Christina Lavil slowly closed her eyes as Brenda Karr started combing her hair.
She tried to recall the last time someone touched her hair so gently.
“I was a little embarrassed,” she confessed.
Lavil told the stylist about the public’s perception of those who live in homeless shelters. Lavil has been living at an Everett shelter for three months.
“We all have our bad times and it’s OK,” Karr, 44, replied. “You’re beautiful.”
A friend of Lavil from the shelter walked by and looked at her hair.
“Do I know you?” she asked.
They laughed, as if they were two high school girls talking in a salon.
That’s exactly the atmosphere Karr wanted to create for Lavil and other women who were pampered Monday at the event for women living in shelters.
“I want them to feel good about themselves, and let them know they can have, and they deserve, a better life,” Karr said.
Known as the “Head of Hair,” Karr volunteers as the hair department coordinator for the event “Queen – It’s A New Day,” which helps women who live in shelters boost their self-esteem by giving them beauty makeovers.
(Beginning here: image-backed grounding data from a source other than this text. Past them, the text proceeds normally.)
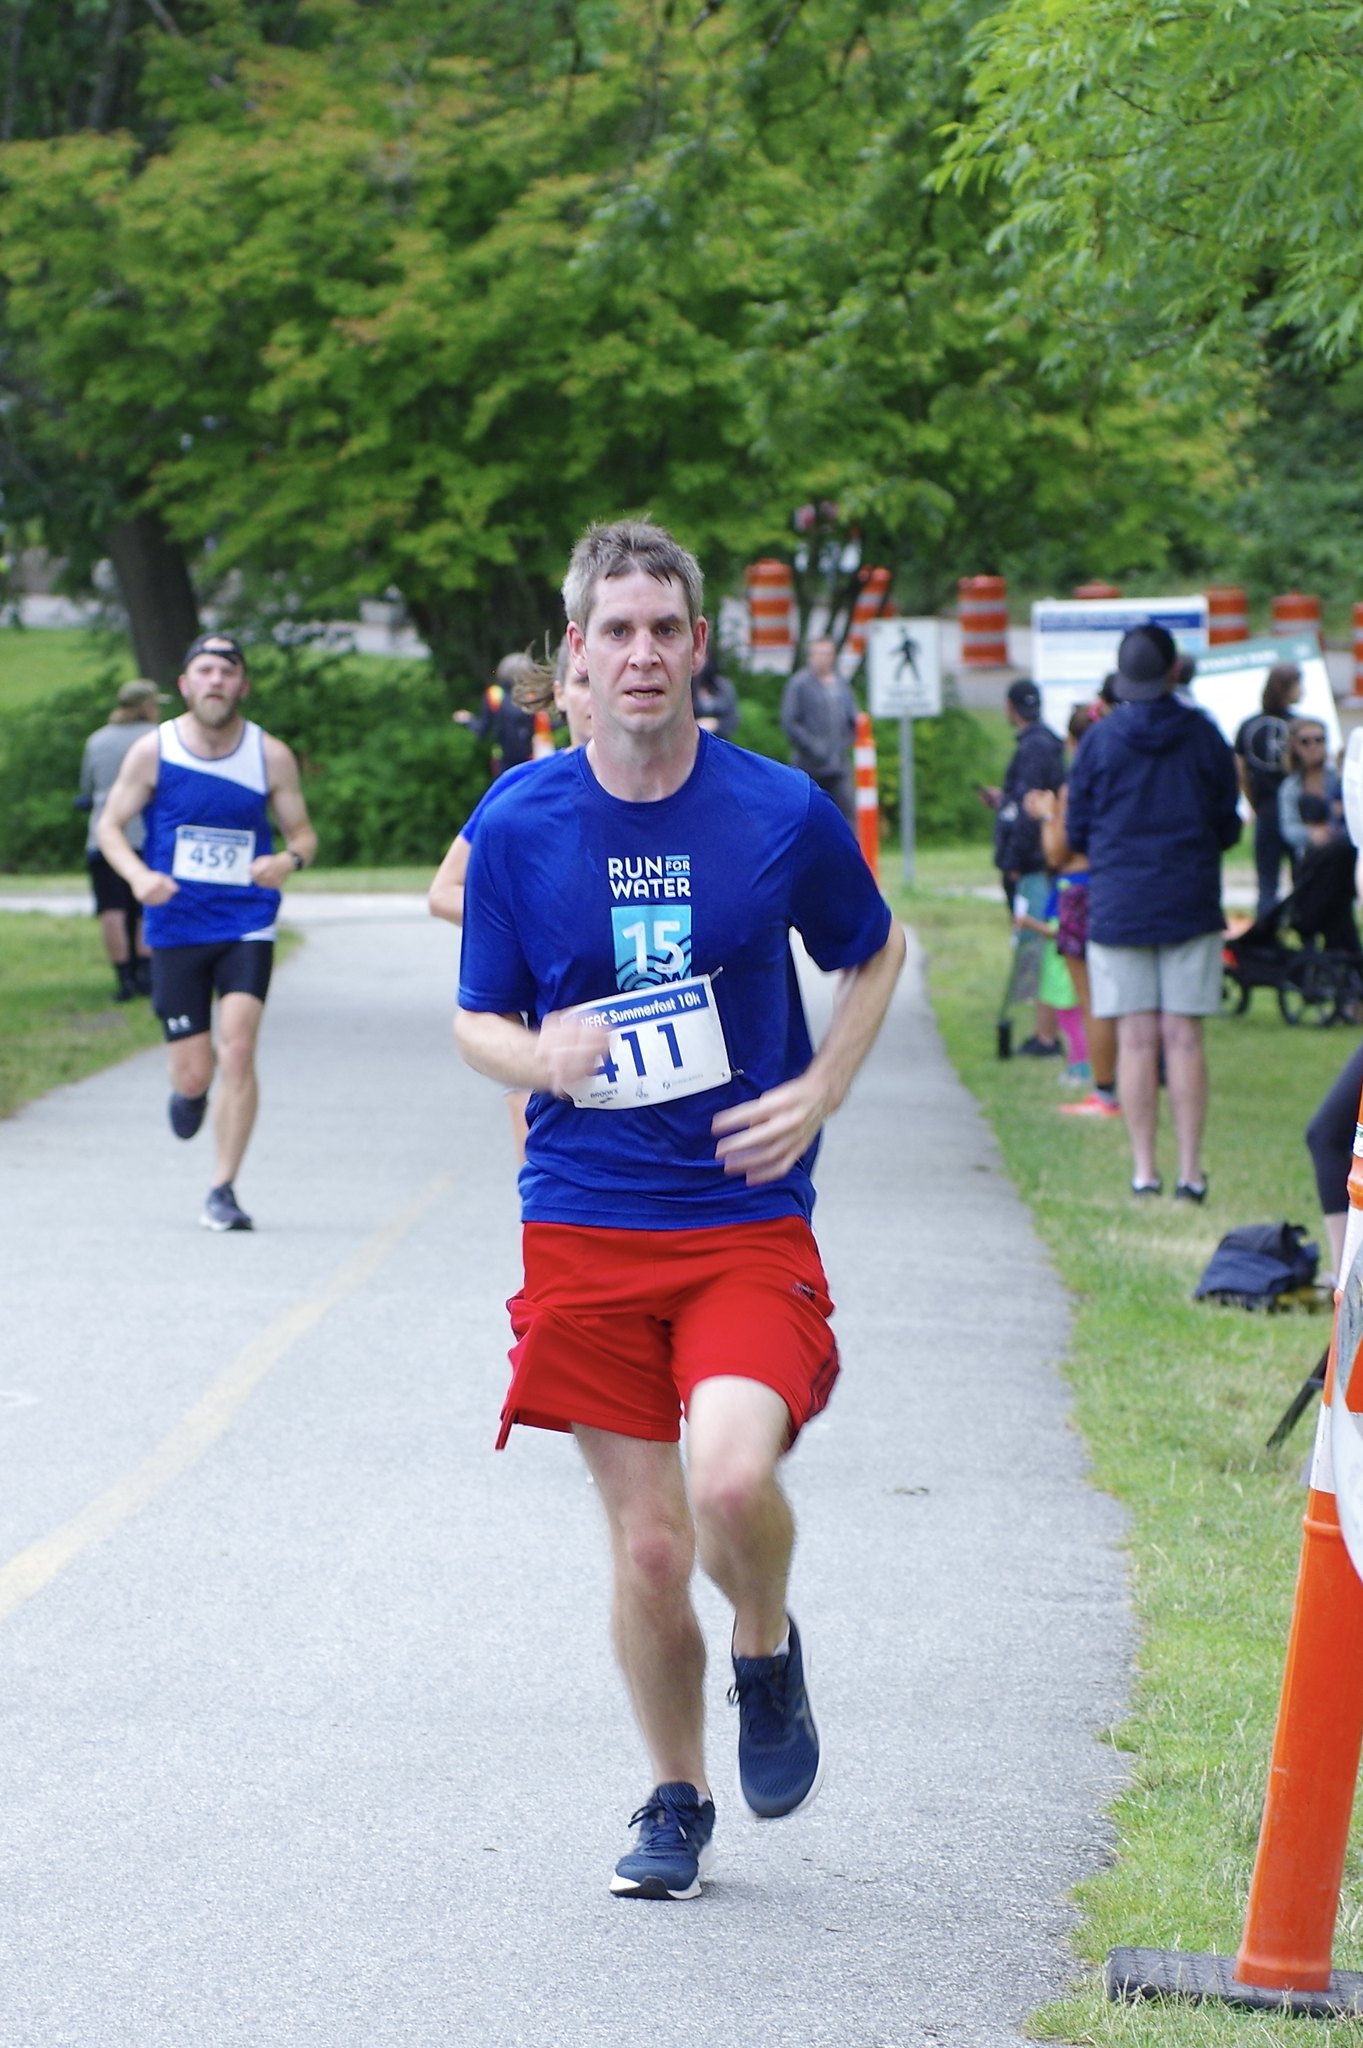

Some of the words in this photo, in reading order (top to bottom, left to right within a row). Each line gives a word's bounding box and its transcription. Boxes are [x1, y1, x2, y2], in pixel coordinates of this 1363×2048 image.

[190, 846, 237, 869] 459
[607, 855, 663, 879] RUN
[665, 860, 690, 872] FOR
[609, 877, 691, 900] WATER
[622, 920, 684, 974] 15
[610, 998, 676, 1024] Summerfast
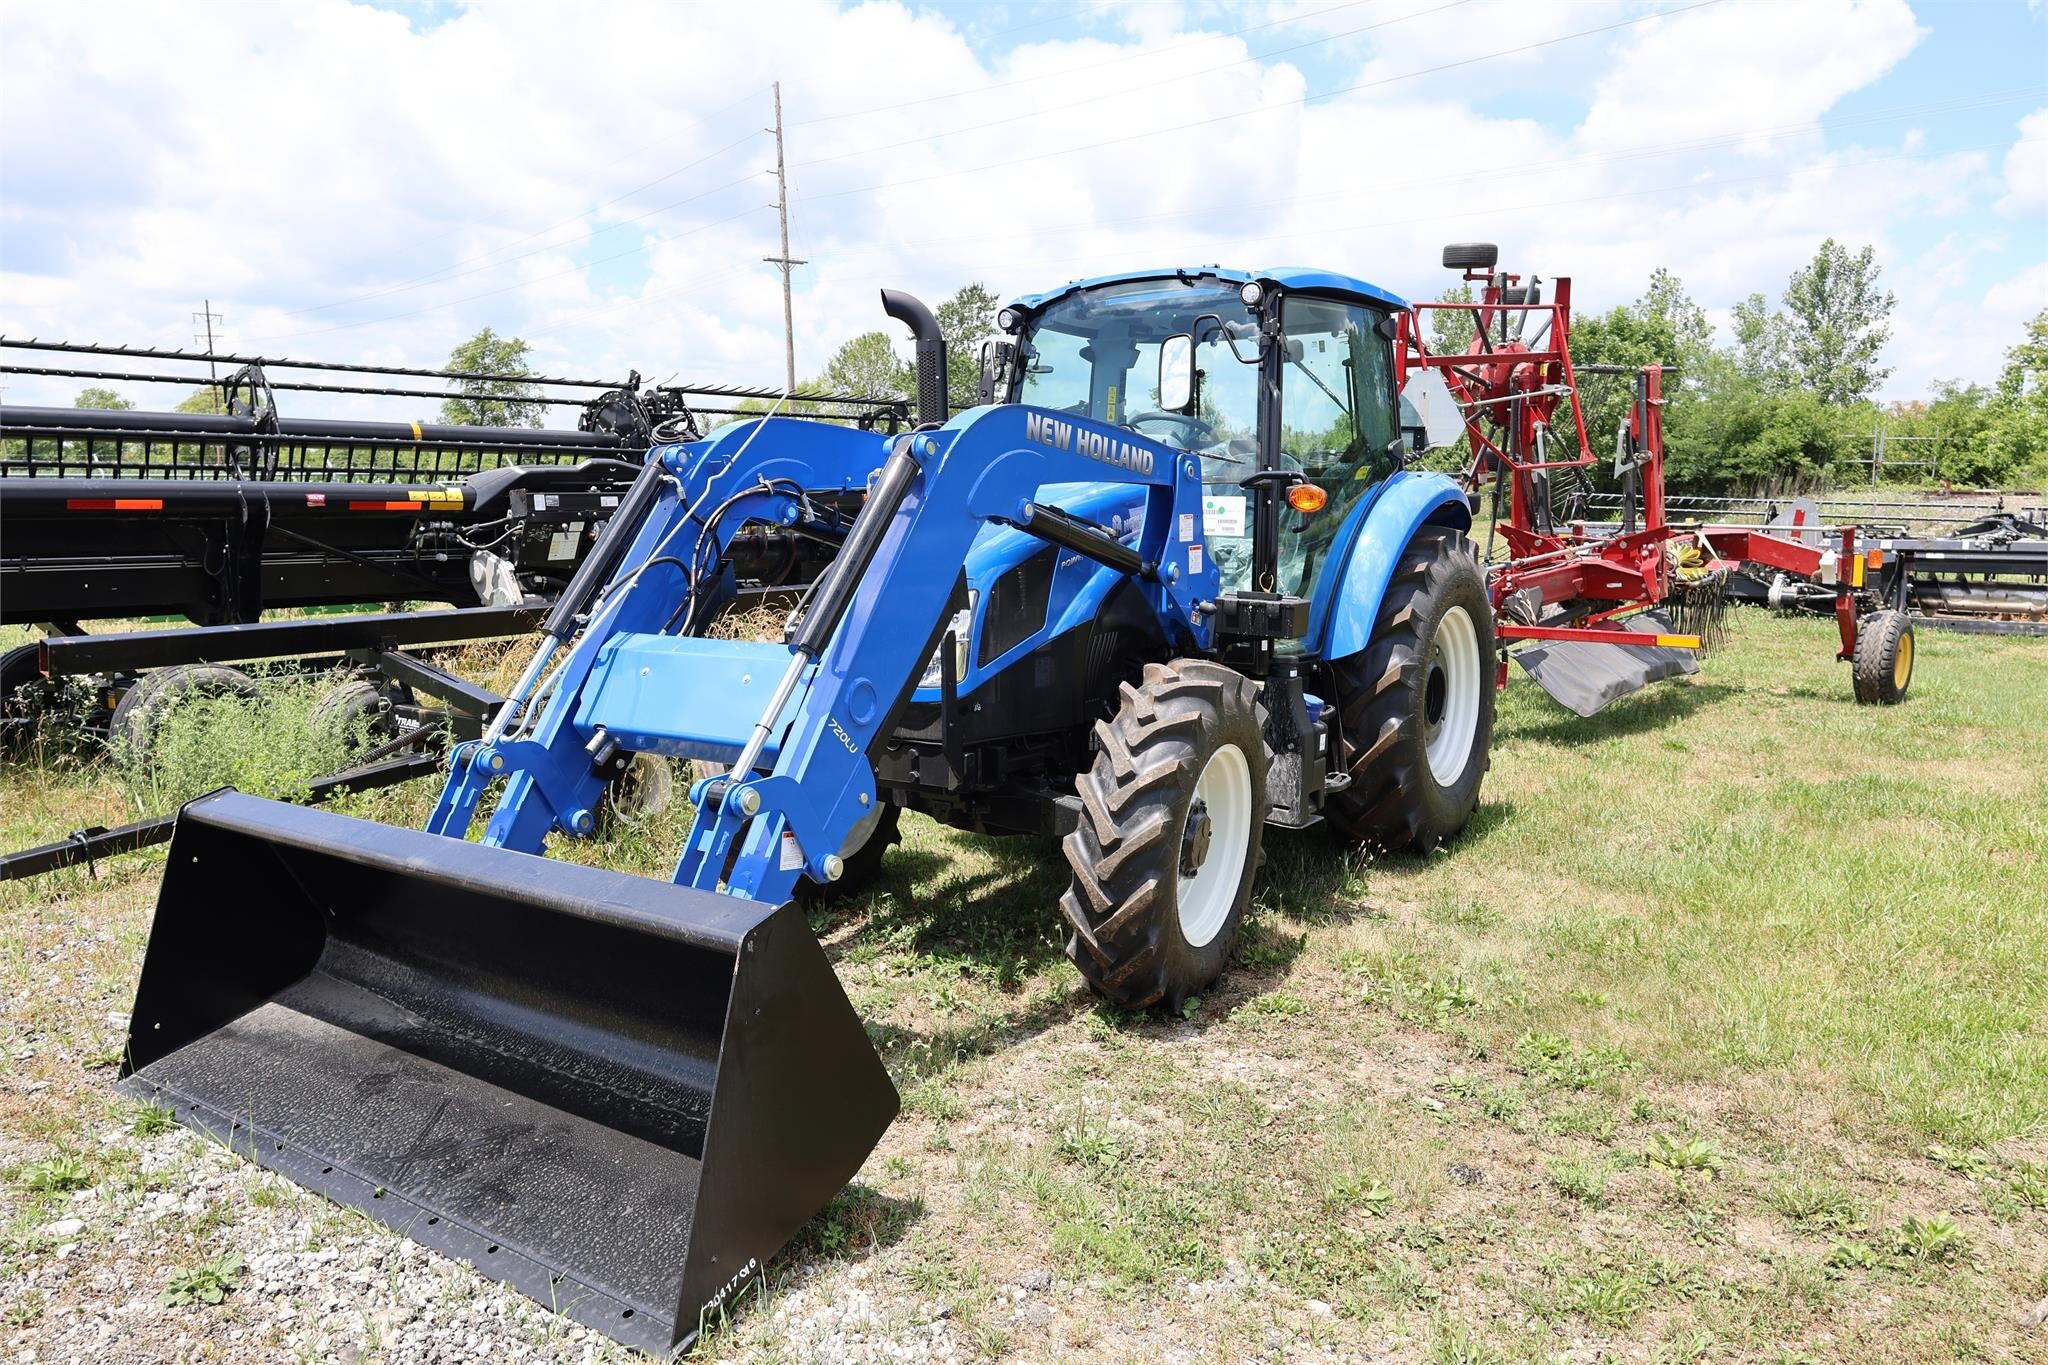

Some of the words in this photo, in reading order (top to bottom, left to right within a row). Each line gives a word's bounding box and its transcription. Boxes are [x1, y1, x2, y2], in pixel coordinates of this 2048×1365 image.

[1026, 411, 1072, 452] NEW
[1076, 427, 1154, 476] HOLLAND
[828, 718, 858, 753] 720LU
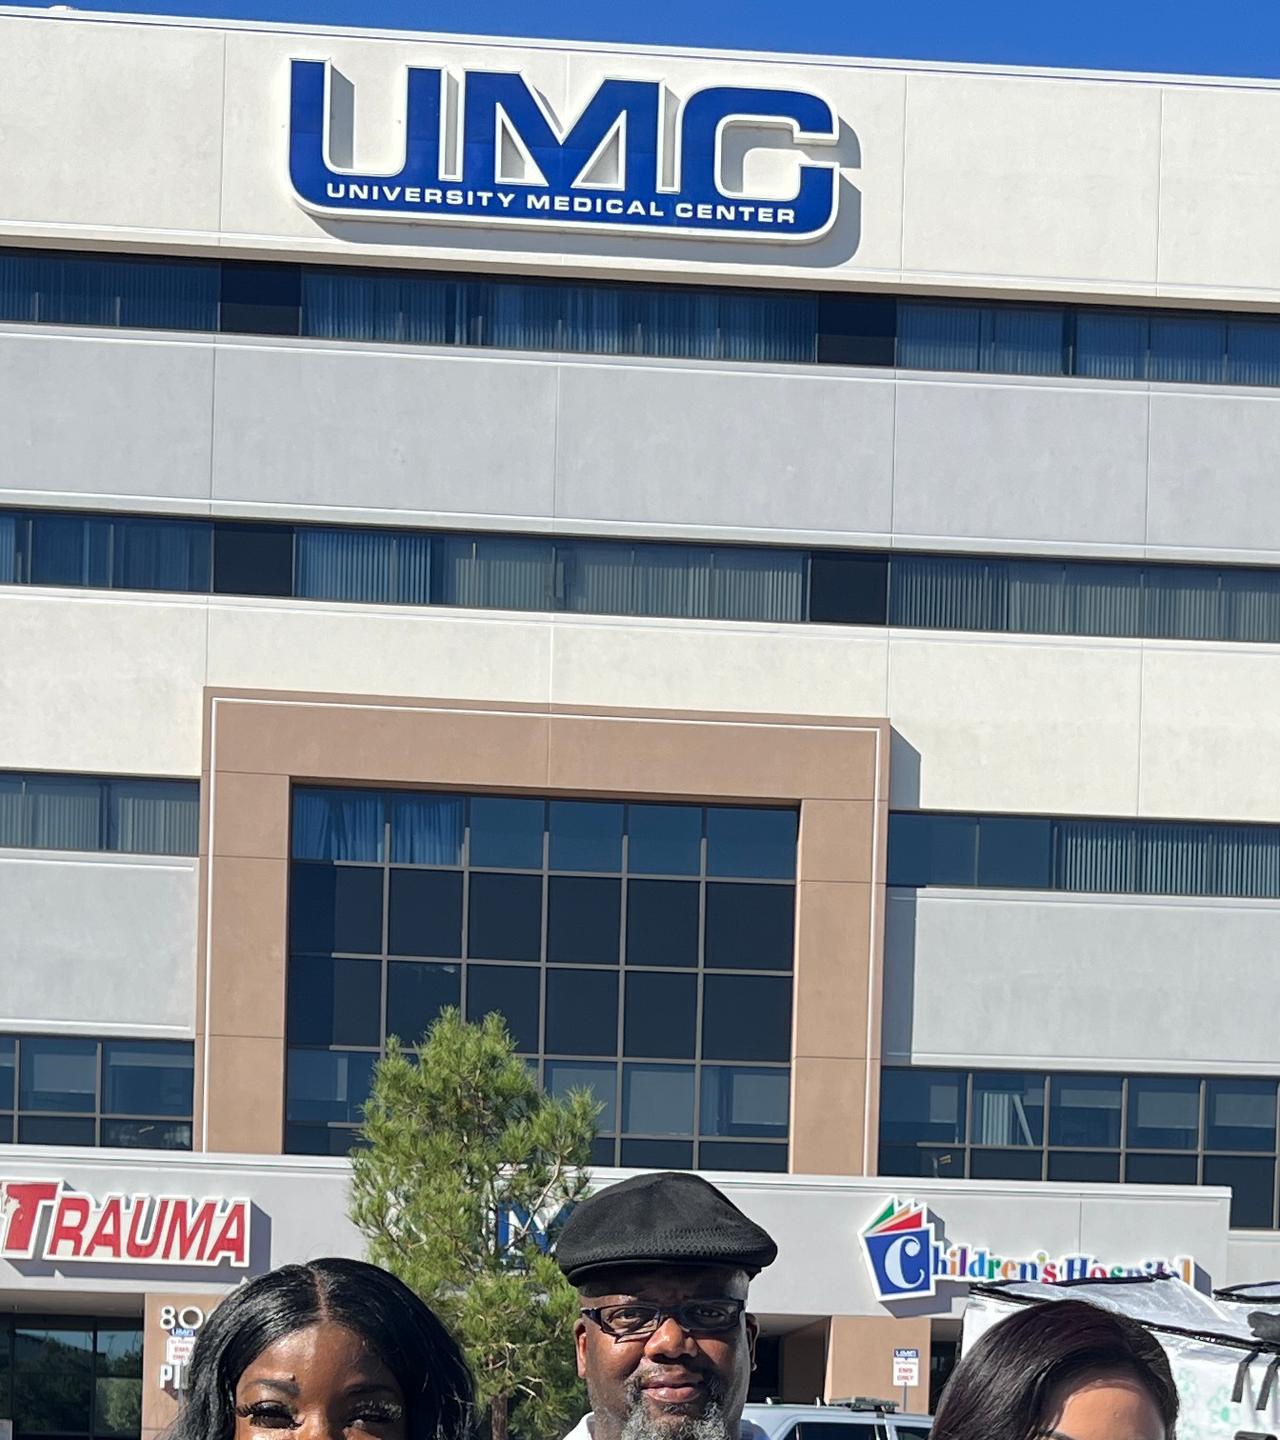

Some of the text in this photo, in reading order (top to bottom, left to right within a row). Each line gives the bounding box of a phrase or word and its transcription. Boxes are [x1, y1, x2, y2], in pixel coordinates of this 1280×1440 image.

The queen-for-a-day make-overs are part of a community services program offered by the Life Changes Ministry of Everett. The event includes a limousine ride, new clothes, lunch and a crowning ceremony.
“It changes people’s lives because it gives them hope,” said the Everett hairdresser, as her scissors moved from Lavil’s bangs to the back of her head.
“I used to think that cutting hair just makes someone beautiful from the outside, but my life experience made me realize that it helps people change internally,” Karr said.
She could just as easily be among the women in a homeless shelters if not for her faith and strong support from her loving family, Karr said.
Being raised in a Roman Catholic family in Seattle, Karr has a fond memory of playing cops and robbers around the neighborhood when she was young.
She wanted to study at a beauty school after graduating from a high school. The dream was shaken when she became pregnant at age 18.
“I didn’t know what to do and I started crying,” Karr said, recalling a night when her three-month-old baby had a high fever. The child’s father swore at her and went out drinking. “I felt unloved.”
She learned to be strong for her children. She prayed for that strength.
“People have a misconception about homeless women or single mothers,” said Karr, who is now married to Randy Karr, a Boeing project manager who volunteers to escort the queens at the event.
“But making a decision to change is not that easy. If you don’t have the knowledge of what to do or where to go, it’s hard,” she said.
It took Karr 10 years to get her life back on track and to pursue a career as a hairdresser at Gene Juarez. The more customers she meets, the more she realizes that people don’t just come to her for a hair cut. Many of them just need a stranger to listen to their stories.
“A haircut only lasts about four to six weeks, but for them, being able to talk about their problems and to feel relaxed… that feeling lasts forever,” she said. “It’s amazing to see how just being kind to somebody can change their heart, as much as being mean to them.”
She knows how it feels to be desperate. She went through her own struggles, and that’s why she decided to volunteer for “Queen – It’s a New Day.”
Lavil’s haircut was over, and it was time to look in the mirror.
Lavil flicked her new, slightly curled hair.
“I feel so good,” she said, looking into Karr’s eyes. “I never had anything like this before.”
“When you have a thankful heart, you feel different,” Karr said. “I feel so good, too.”